Den Goldpreis würde eine solche Entwicklung erwartungsgemäß gewaltig befeuern, denn sollten die Zinsen im Zuge weiterer Turbulenzen im Bankensektor wieder notfallartig gesenkt werden, würde dies das Edelmetall ziemlich sicher über die prominente Marke von 2.000 US-Dollar je Feinunze katapultieren…
Da damit derzeit kaum jemand rechnet, wäre eine Kaufpanik die zu erwartende Folge, wenn diese wichtige Hürde nach vier Fehlversuchenendlich überwunden wird…
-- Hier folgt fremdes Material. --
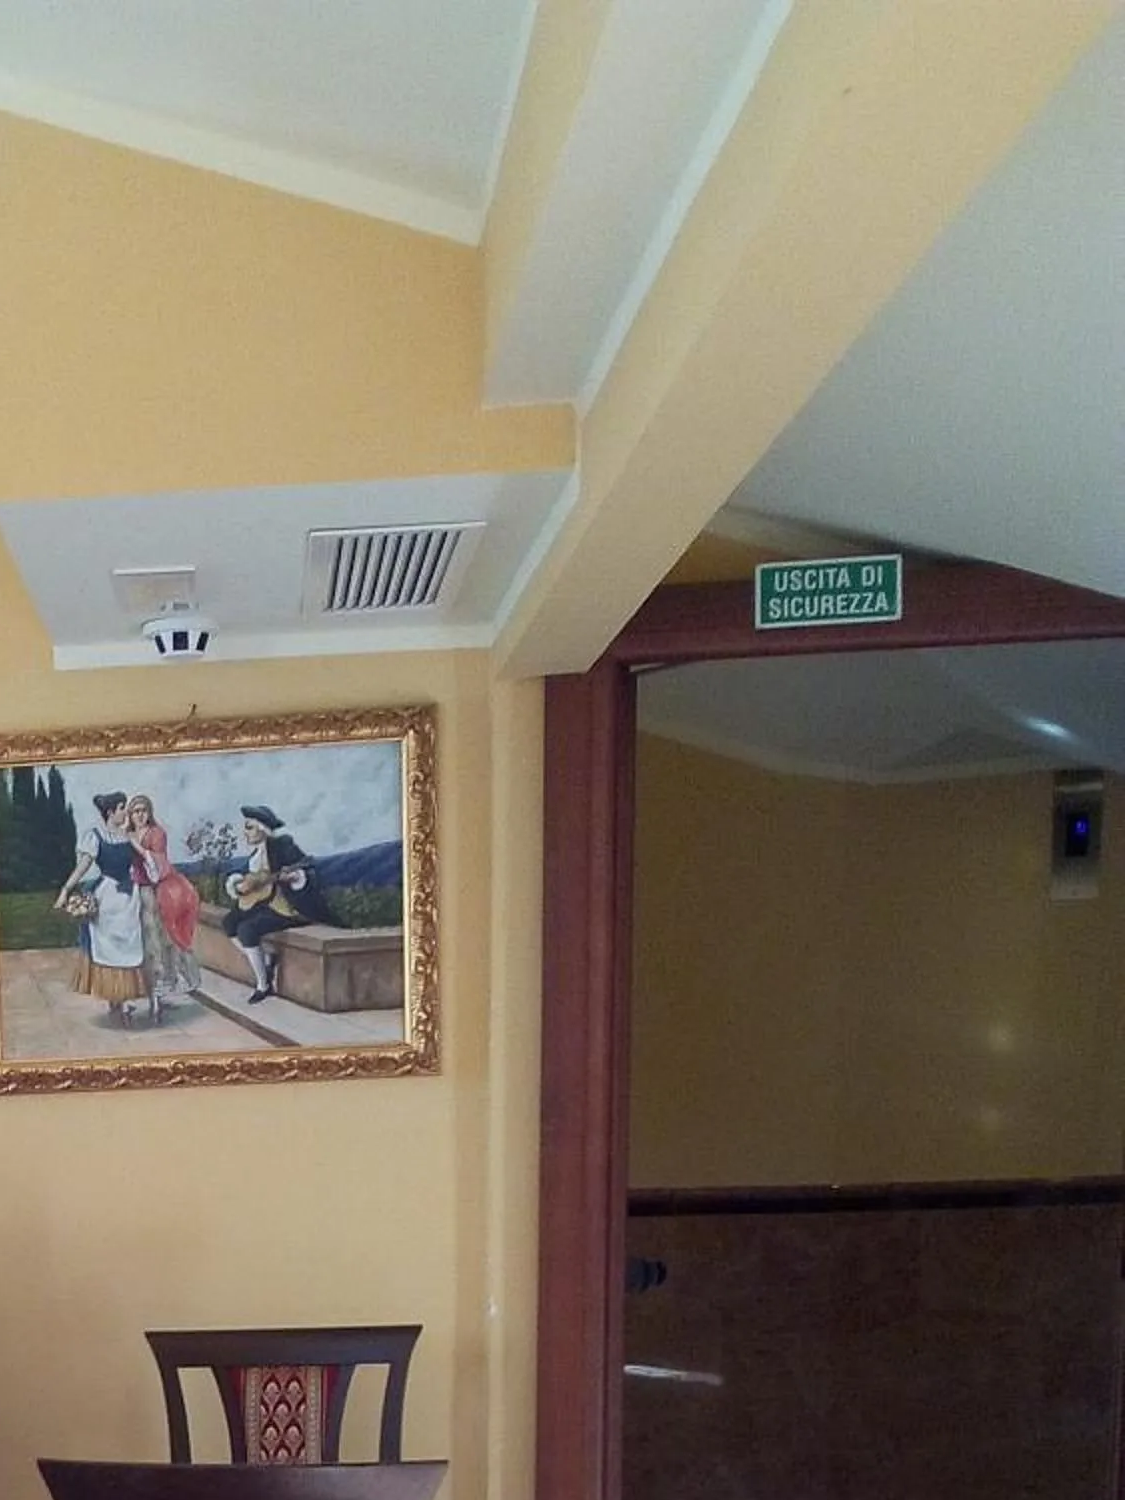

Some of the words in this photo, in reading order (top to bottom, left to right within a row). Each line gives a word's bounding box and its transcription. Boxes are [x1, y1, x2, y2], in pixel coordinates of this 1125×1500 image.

Update: Die Tinte ist noch nicht getrocknet, da kommt schon die nächste US-Bank ins Trudeln: Diesmal erwischt es mit der First Republic Bank (FRC) ein regionales Kreditinstitut. Auch hier taumelt die Aktie binnen kürzester Zeit um rund 50 Prozent in die Tiefe. Wie die oben erwähnte SVB Financial Group ist auch die First Republic Bank stark im Silicon Valley engagiert. Der Kursverlauf von dieser Woche lässt Schlimmes befürchten. Sehen Sie sich das an:
Übrigens: Historisch betrachtet beginnen Finanzkrisen IMMER bei den kleineren Instituten, die kaum jemand kennt. Die großen Häuser sind später an der Reihe.